───── Recorded data ─────
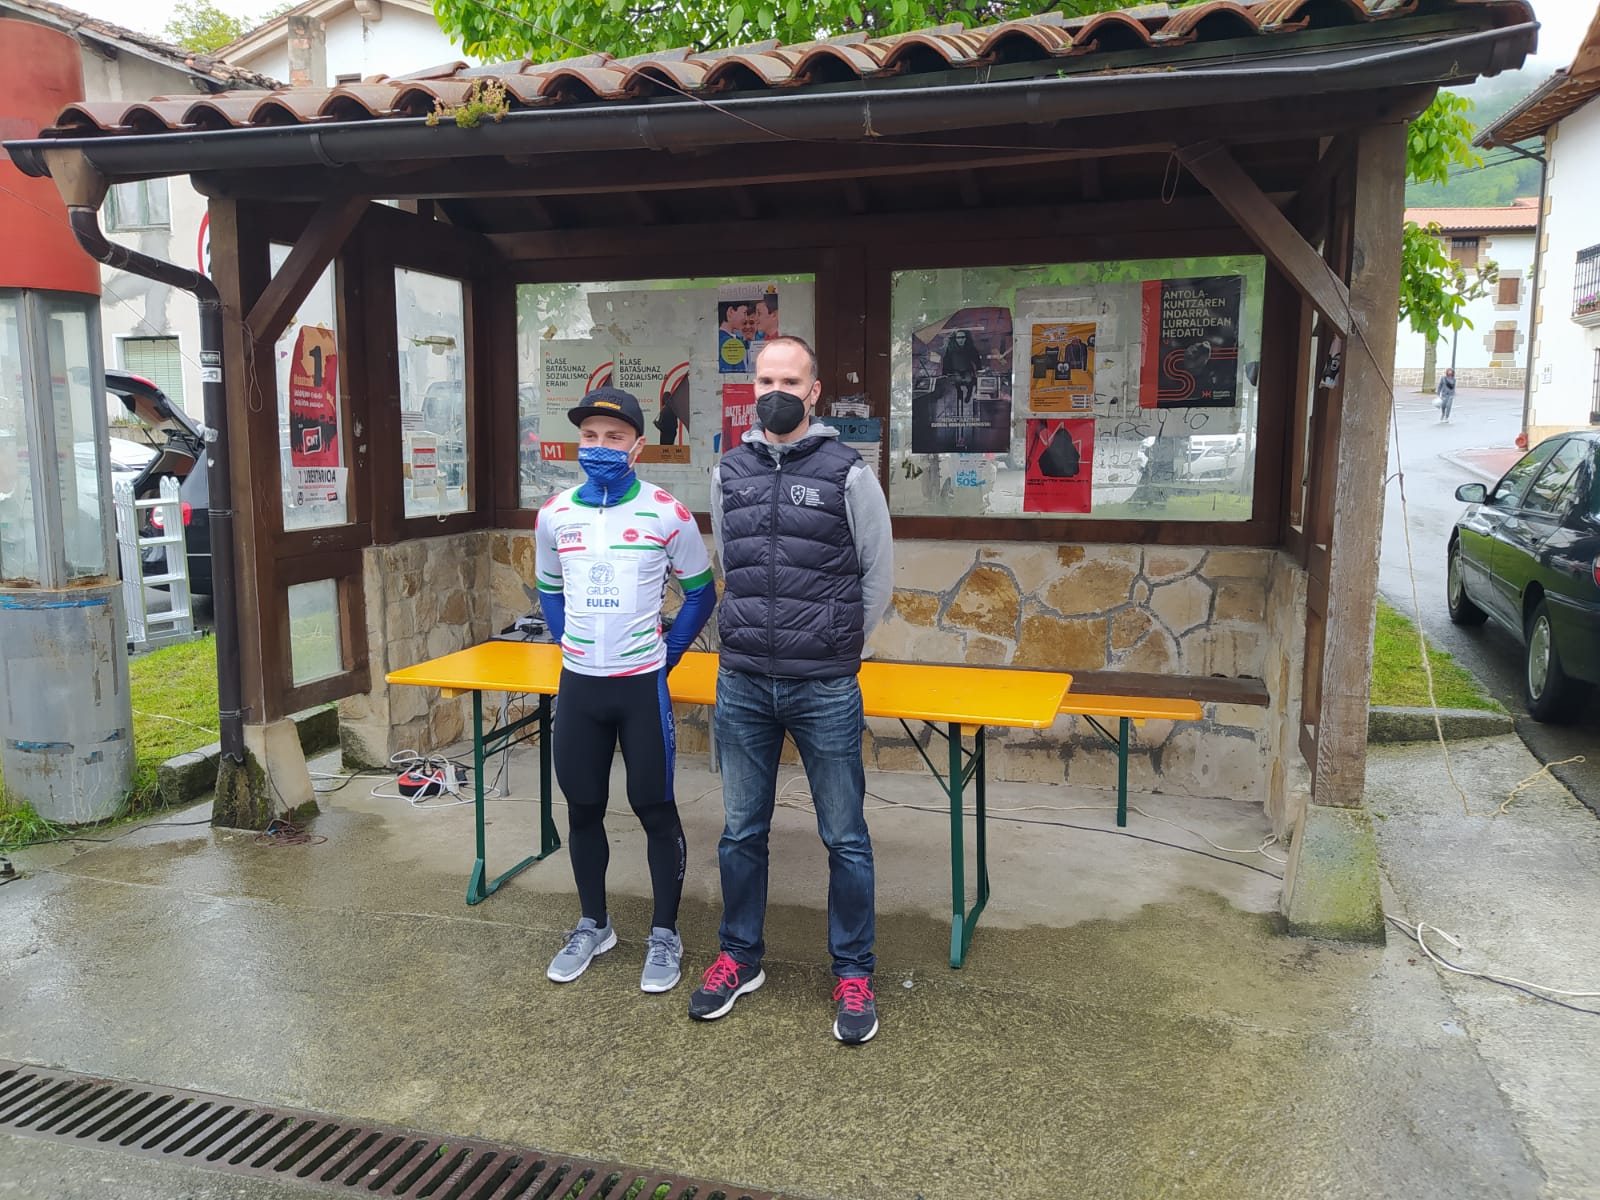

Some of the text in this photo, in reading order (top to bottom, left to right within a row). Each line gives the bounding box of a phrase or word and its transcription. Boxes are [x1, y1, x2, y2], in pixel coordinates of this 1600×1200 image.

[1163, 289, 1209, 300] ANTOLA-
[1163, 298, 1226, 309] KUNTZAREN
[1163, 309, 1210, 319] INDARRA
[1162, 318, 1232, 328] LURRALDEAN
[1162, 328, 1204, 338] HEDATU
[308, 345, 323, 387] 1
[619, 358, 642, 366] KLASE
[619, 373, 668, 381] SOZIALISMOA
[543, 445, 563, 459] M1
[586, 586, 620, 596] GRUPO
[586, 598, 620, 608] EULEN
─────
## Exercise instructions:
Restate all entries above exactly, but not the images.

## Finished exercise:
Some of the text in this photo, in reading order (top to bottom, left to right within a row). Each line gives the bounding box of a phrase or word and its transcription. Boxes are [x1, y1, x2, y2], in pixel coordinates of this 1600×1200 image.

[1163, 289, 1209, 300] ANTOLA-
[1163, 298, 1226, 309] KUNTZAREN
[1163, 309, 1210, 319] INDARRA
[1162, 318, 1232, 328] LURRALDEAN
[1162, 328, 1204, 338] HEDATU
[308, 345, 323, 387] 1
[619, 358, 642, 366] KLASE
[619, 373, 668, 381] SOZIALISMOA
[543, 445, 563, 459] M1
[586, 586, 620, 596] GRUPO
[586, 598, 620, 608] EULEN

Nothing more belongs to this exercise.